§ **GOAL OF THE EXERCISE**: Images are not wanted; transcribe the rest of the listing exactly.

§ **INPUT MATERIAL**:

════════════════

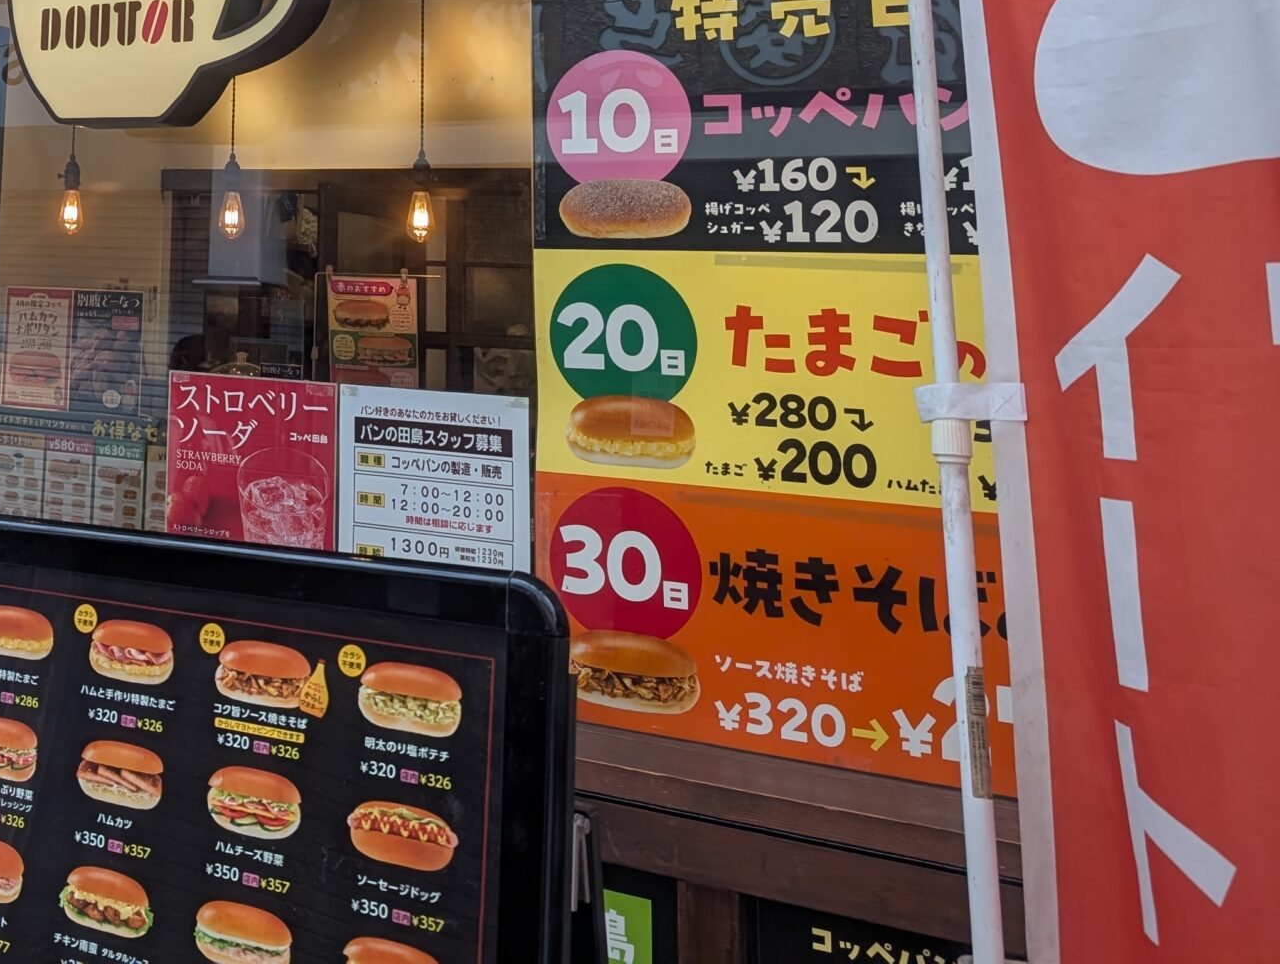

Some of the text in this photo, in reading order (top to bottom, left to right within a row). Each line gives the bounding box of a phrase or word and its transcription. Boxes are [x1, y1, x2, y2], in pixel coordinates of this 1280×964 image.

[558, 88, 679, 155] 10日
[733, 157, 837, 193] ¥160
[704, 202, 770, 217] 揚げコッペ
[759, 199, 879, 243] ¥120
[706, 221, 755, 234] シュガー
[337, 282, 386, 293] 春のおすすめ
[76, 293, 140, 308] 別腹どーなつ
[16, 323, 60, 336] ナポリタン
[19, 311, 58, 323] ハムカツ
[556, 301, 685, 376] 20日
[177, 384, 329, 422] ストロベリー
[727, 392, 837, 432] ¥280
[49, 439, 75, 451] ¥580
[176, 418, 258, 450] ソーダ
[290, 432, 328, 444] コッペ田島
[361, 424, 502, 453] パンの田島スタッフ募集
[98, 445, 126, 457] ¥630
[176, 449, 242, 465] STRAWBERRY
[754, 437, 878, 489] ¥200
[176, 460, 203, 472] SODA
[391, 456, 502, 480] コッペパンの製造・販売
[705, 460, 748, 477] たまご
[360, 494, 382, 505] 時間
[405, 515, 494, 534] 時間は相談に応じます
[391, 537, 449, 559] 1300円
[559, 524, 689, 611] 30日
[1055, 252, 1237, 947] イート
[78, 610, 95, 618] カラシ
[203, 630, 221, 638] カラシ
[342, 651, 362, 660] カラシ
[714, 654, 865, 694] ソース焼きそば
[15, 696, 39, 708] ¥286
[80, 685, 176, 711] ハムと手作り特製たまご
[88, 708, 163, 733] ¥320 ¥326
[213, 703, 308, 729] コク旨ソース焼きそば
[714, 692, 846, 749] ¥320
[217, 733, 300, 760] ¥320 ¥326
[364, 736, 450, 762] 明太のり塩ポテチ
[360, 761, 452, 790] ¥320 ¥326
[0, 813, 25, 829] ¥326
[97, 813, 133, 829] ハムカツ
[74, 831, 151, 860] ¥350 ¥357
[215, 841, 285, 868] ハムチーズ野菜
[206, 863, 290, 895] ¥350 ¥357
[357, 874, 442, 905] ソーセージドッグ
[351, 899, 445, 934] ¥350 ¥357
[53, 932, 98, 955] チキン南蛮
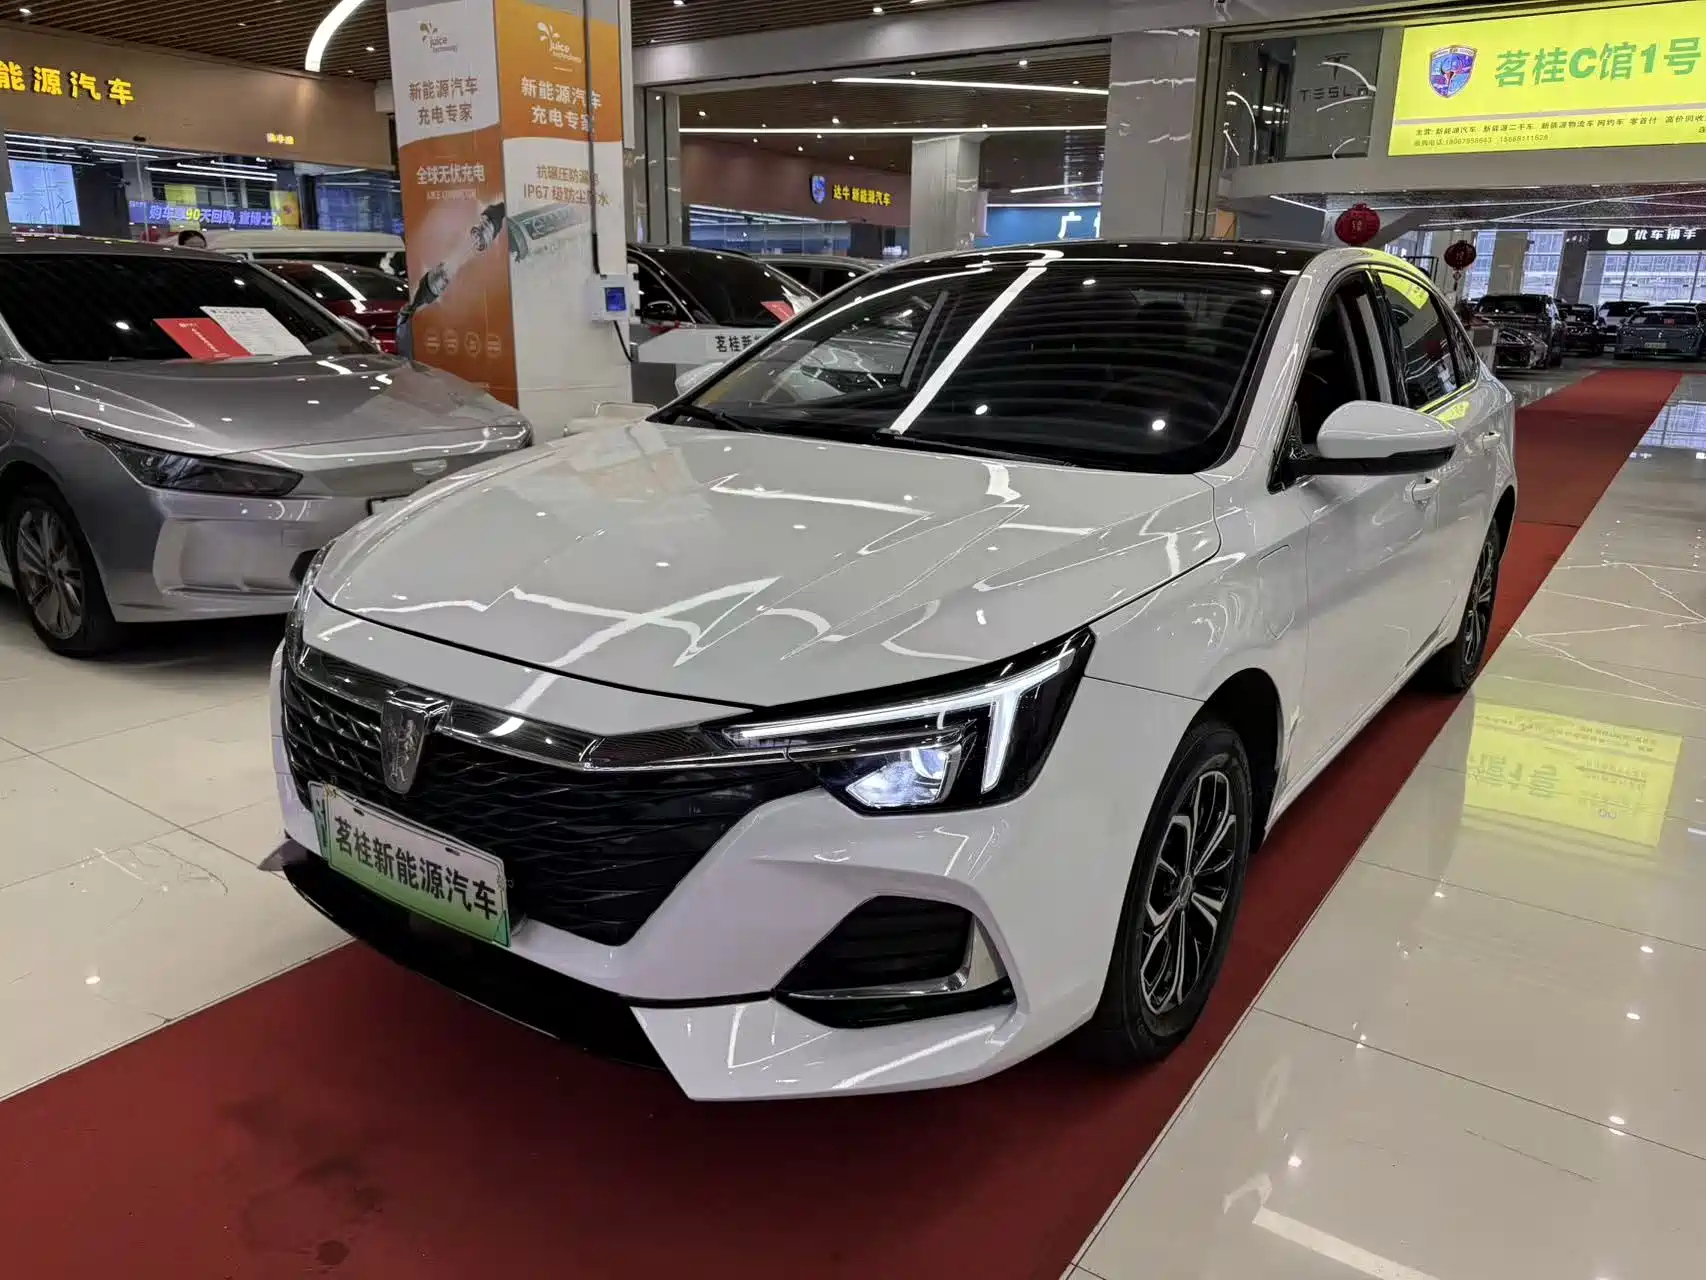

════════════════

§ **TASK RESULT**:
Some of the text in this photo, in reading order (top to bottom, left to right within a row). Each line gives the bounding box of a phrase or word and its transcription. Boxes are [x1, y1, x2, y2], in pixel coordinates of this 1280×964 image.

[558, 88, 679, 155] 10日
[733, 157, 837, 193] ¥160
[704, 202, 770, 217] 揚げコッペ
[759, 199, 879, 243] ¥120
[706, 221, 755, 234] シュガー
[337, 282, 386, 293] 春のおすすめ
[76, 293, 140, 308] 別腹どーなつ
[16, 323, 60, 336] ナポリタン
[19, 311, 58, 323] ハムカツ
[556, 301, 685, 376] 20日
[177, 384, 329, 422] ストロベリー
[727, 392, 837, 432] ¥280
[49, 439, 75, 451] ¥580
[176, 418, 258, 450] ソーダ
[290, 432, 328, 444] コッペ田島
[361, 424, 502, 453] パンの田島スタッフ募集
[98, 445, 126, 457] ¥630
[176, 449, 242, 465] STRAWBERRY
[754, 437, 878, 489] ¥200
[176, 460, 203, 472] SODA
[391, 456, 502, 480] コッペパンの製造・販売
[705, 460, 748, 477] たまご
[360, 494, 382, 505] 時間
[405, 515, 494, 534] 時間は相談に応じます
[391, 537, 449, 559] 1300円
[559, 524, 689, 611] 30日
[1055, 252, 1237, 947] イート
[78, 610, 95, 618] カラシ
[203, 630, 221, 638] カラシ
[342, 651, 362, 660] カラシ
[714, 654, 865, 694] ソース焼きそば
[15, 696, 39, 708] ¥286
[80, 685, 176, 711] ハムと手作り特製たまご
[88, 708, 163, 733] ¥320 ¥326
[213, 703, 308, 729] コク旨ソース焼きそば
[714, 692, 846, 749] ¥320
[217, 733, 300, 760] ¥320 ¥326
[364, 736, 450, 762] 明太のり塩ポテチ
[360, 761, 452, 790] ¥320 ¥326
[0, 813, 25, 829] ¥326
[97, 813, 133, 829] ハムカツ
[74, 831, 151, 860] ¥350 ¥357
[215, 841, 285, 868] ハムチーズ野菜
[206, 863, 290, 895] ¥350 ¥357
[357, 874, 442, 905] ソーセージドッグ
[351, 899, 445, 934] ¥350 ¥357
[53, 932, 98, 955] チキン南蛮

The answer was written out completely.